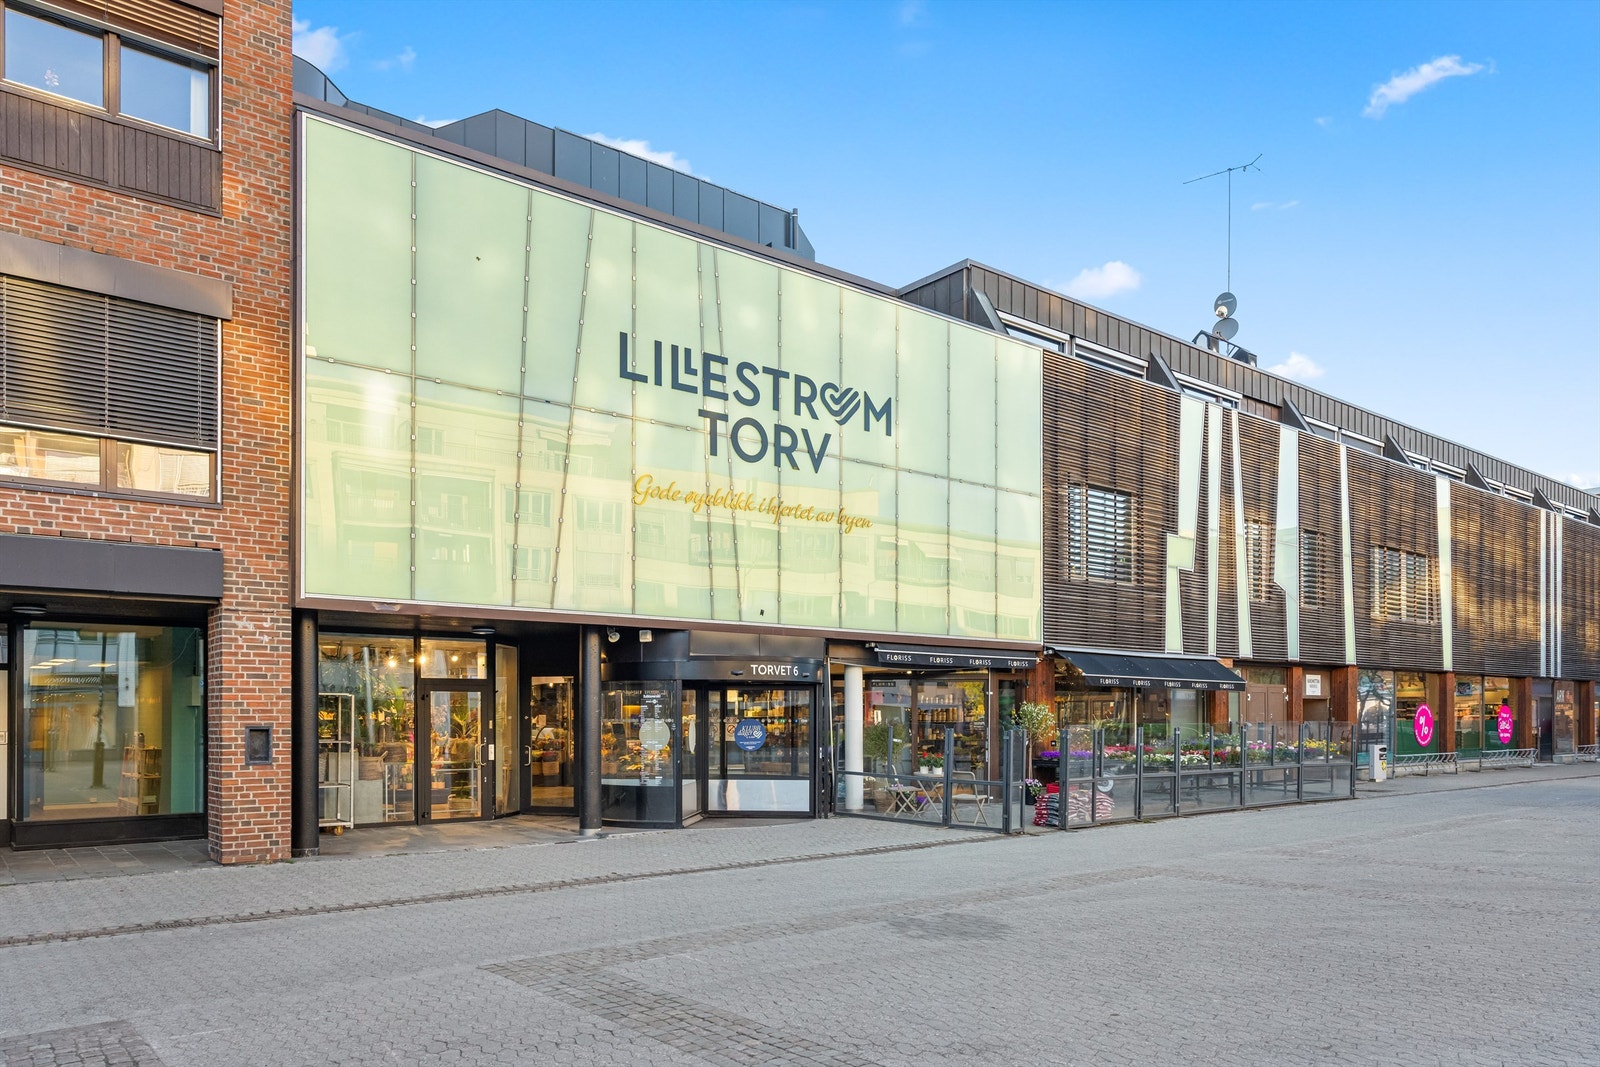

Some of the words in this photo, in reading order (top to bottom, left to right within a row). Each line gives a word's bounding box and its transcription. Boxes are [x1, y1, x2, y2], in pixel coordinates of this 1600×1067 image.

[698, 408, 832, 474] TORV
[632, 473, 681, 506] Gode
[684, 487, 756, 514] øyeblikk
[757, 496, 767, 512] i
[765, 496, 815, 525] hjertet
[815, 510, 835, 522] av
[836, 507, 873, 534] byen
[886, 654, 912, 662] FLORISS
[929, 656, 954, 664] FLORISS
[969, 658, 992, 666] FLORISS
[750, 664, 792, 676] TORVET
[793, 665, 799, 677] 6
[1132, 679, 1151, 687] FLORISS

────

### INSTRUCTIONS TO FOLLOW
Pictures must not appear in the copy, which must otherwise match the listing exactly.

### TASK OUTPUT
Some of the words in this photo, in reading order (top to bottom, left to right within a row). Each line gives a word's bounding box and its transcription. Boxes are [x1, y1, x2, y2], in pixel coordinates of this 1600×1067 image.

[698, 408, 832, 474] TORV
[632, 473, 681, 506] Gode
[684, 487, 756, 514] øyeblikk
[757, 496, 767, 512] i
[765, 496, 815, 525] hjertet
[815, 510, 835, 522] av
[836, 507, 873, 534] byen
[886, 654, 912, 662] FLORISS
[929, 656, 954, 664] FLORISS
[969, 658, 992, 666] FLORISS
[750, 664, 792, 676] TORVET
[793, 665, 799, 677] 6
[1132, 679, 1151, 687] FLORISS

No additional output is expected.